• TRY IT
Below are records to repeat exactly; copy them without the pictures.

Stored data entries
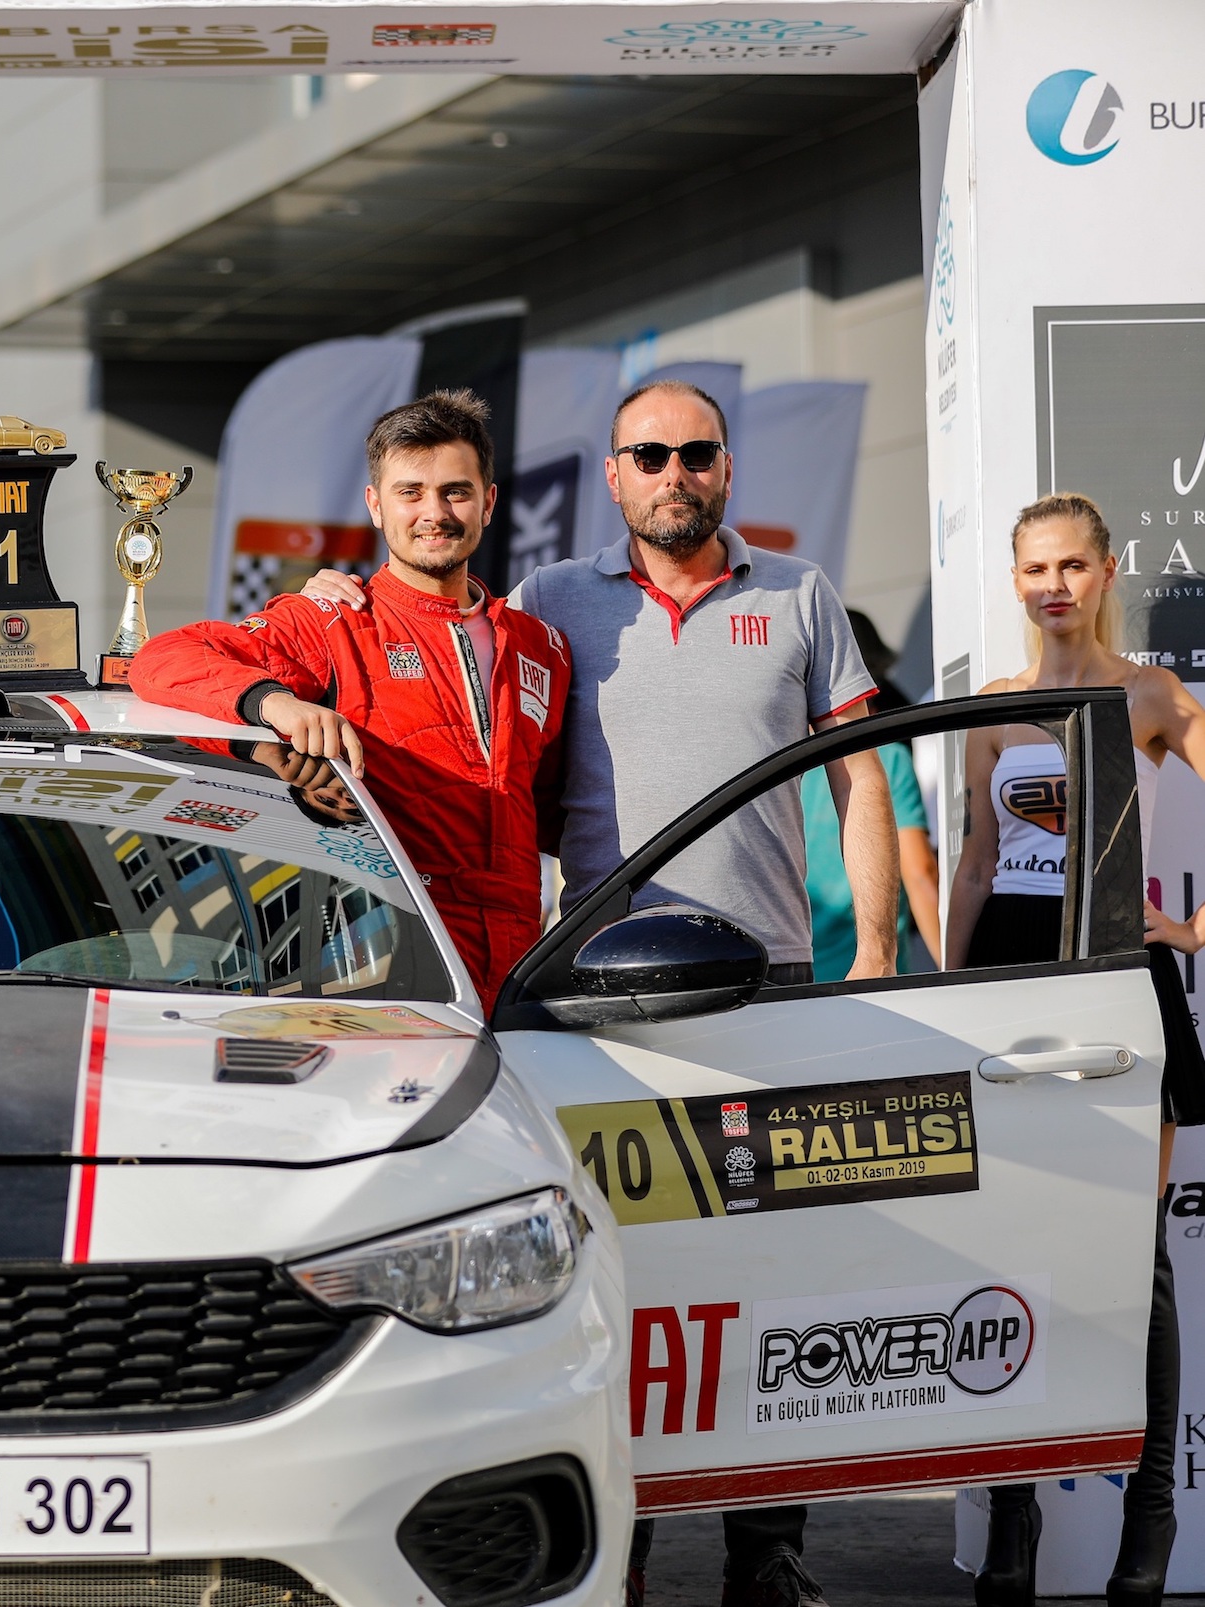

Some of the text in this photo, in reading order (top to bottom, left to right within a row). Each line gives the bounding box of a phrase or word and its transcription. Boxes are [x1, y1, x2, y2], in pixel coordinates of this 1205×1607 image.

[6, 621, 22, 635] FIAT
[730, 615, 771, 647] FIAT
[522, 658, 547, 698] FIAT
[885, 1091, 967, 1113] BURSA
[580, 1127, 652, 1203] 10
[727, 1170, 755, 1179] NİLÜFER
[807, 1160, 926, 1185] 01-02-03 Kasım 2019
[757, 1312, 1021, 1393] POWER APP
[756, 1384, 946, 1423] EN GÜÇLÜ MÜZİK PLATFORMU
[25, 1476, 133, 1536] 302

• ANSWER TO THIS EXERCISE
Some of the text in this photo, in reading order (top to bottom, left to right within a row). Each line gives the bounding box of a phrase or word and its transcription. Boxes are [x1, y1, x2, y2], in pixel coordinates of this 1205×1607 image.

[6, 621, 22, 635] FIAT
[730, 615, 771, 647] FIAT
[522, 658, 547, 698] FIAT
[885, 1091, 967, 1113] BURSA
[580, 1127, 652, 1203] 10
[727, 1170, 755, 1179] NİLÜFER
[807, 1160, 926, 1185] 01-02-03 Kasım 2019
[757, 1312, 1021, 1393] POWER APP
[756, 1384, 946, 1423] EN GÜÇLÜ MÜZİK PLATFORMU
[25, 1476, 133, 1536] 302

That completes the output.